Supplied entries:
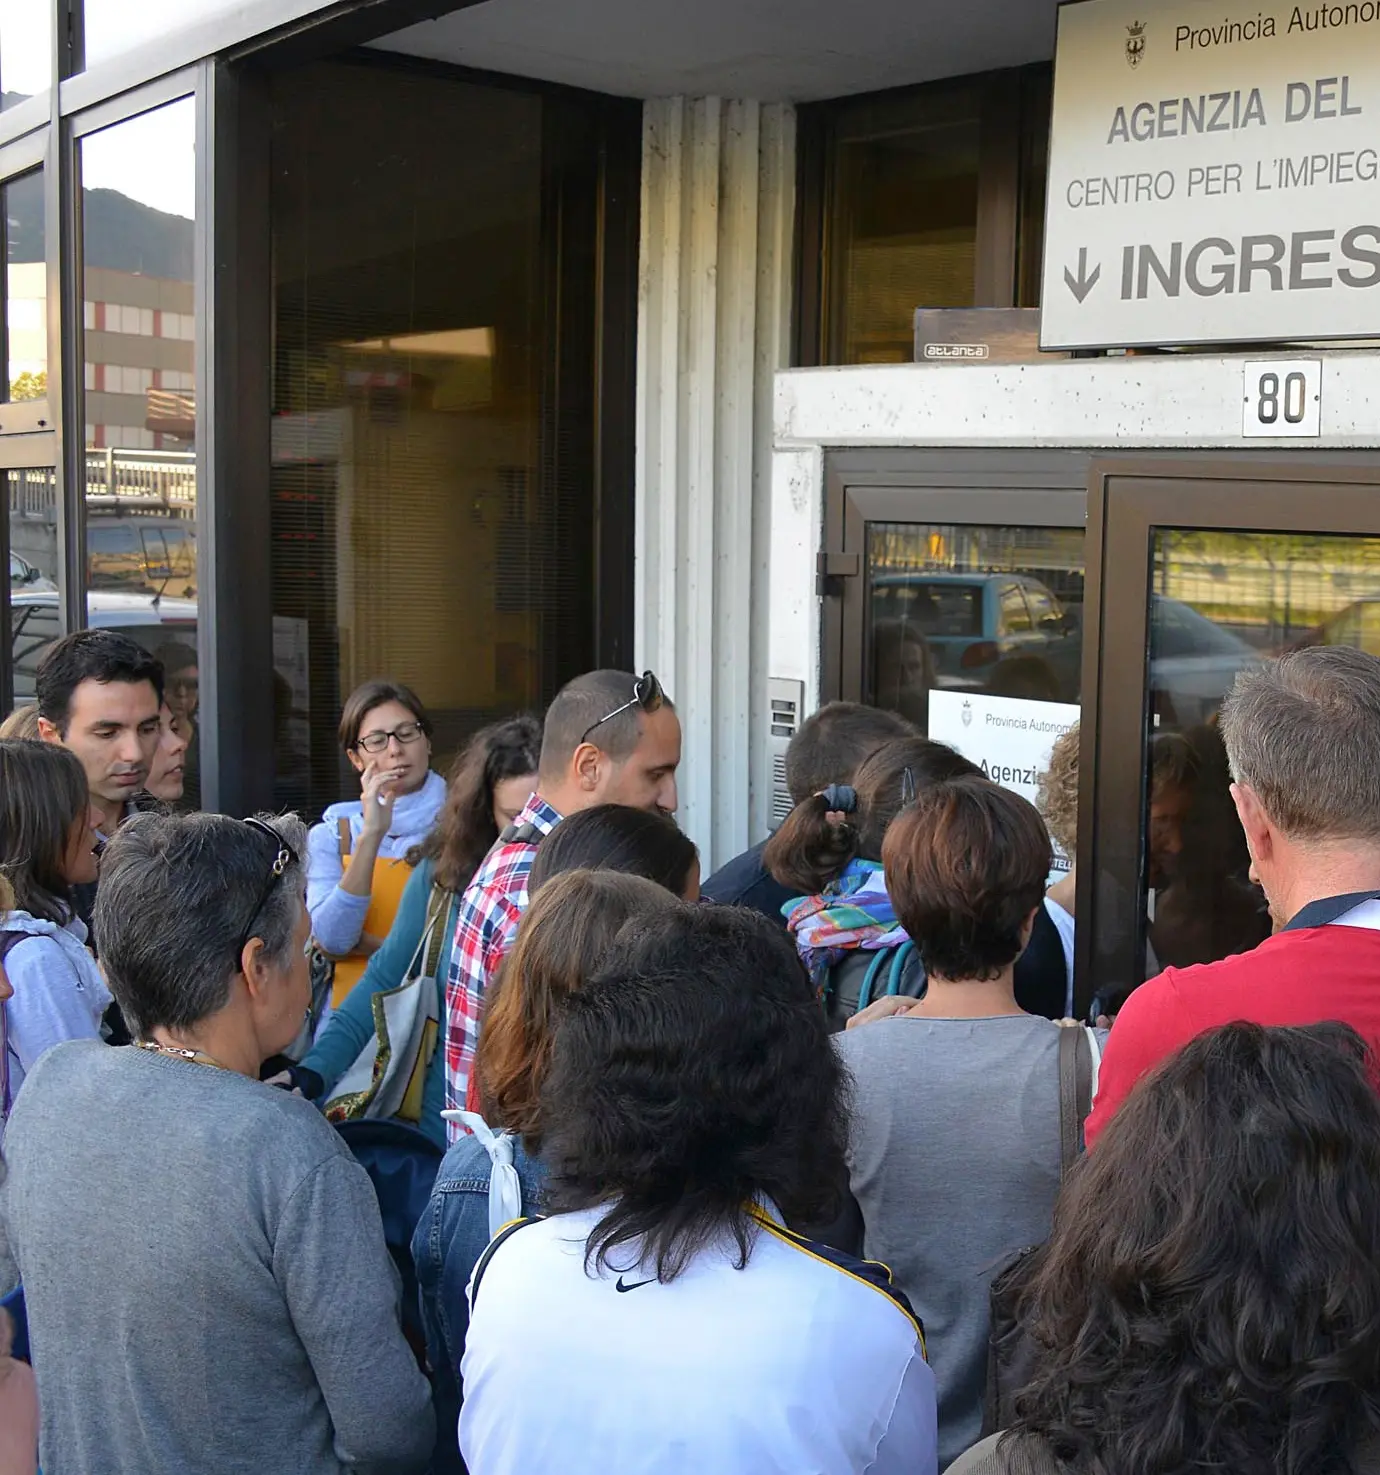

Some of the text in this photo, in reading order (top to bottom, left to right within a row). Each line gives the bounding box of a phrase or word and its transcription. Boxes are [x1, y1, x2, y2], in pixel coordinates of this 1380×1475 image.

[1175, 13, 1276, 51] Provincia
[1107, 88, 1267, 145] AGENZIA
[1285, 77, 1362, 123] DEL
[1066, 170, 1176, 209] CENTRO
[1187, 163, 1243, 199] PER
[927, 346, 984, 356] atlanta
[1257, 372, 1306, 425] 80
[985, 713, 1027, 730] Provincia
[980, 758, 1044, 785] Agenzi

Assignment: Set down all the material exactly once more. No pictures.

Problem solution:
Some of the text in this photo, in reading order (top to bottom, left to right within a row). Each line gives the bounding box of a phrase or word and its transcription. Boxes are [x1, y1, x2, y2], in pixel coordinates of this 1380×1475 image.

[1175, 13, 1276, 51] Provincia
[1107, 88, 1267, 145] AGENZIA
[1285, 77, 1362, 123] DEL
[1066, 170, 1176, 209] CENTRO
[1187, 163, 1243, 199] PER
[927, 346, 984, 356] atlanta
[1257, 372, 1306, 425] 80
[985, 713, 1027, 730] Provincia
[980, 758, 1044, 785] Agenzi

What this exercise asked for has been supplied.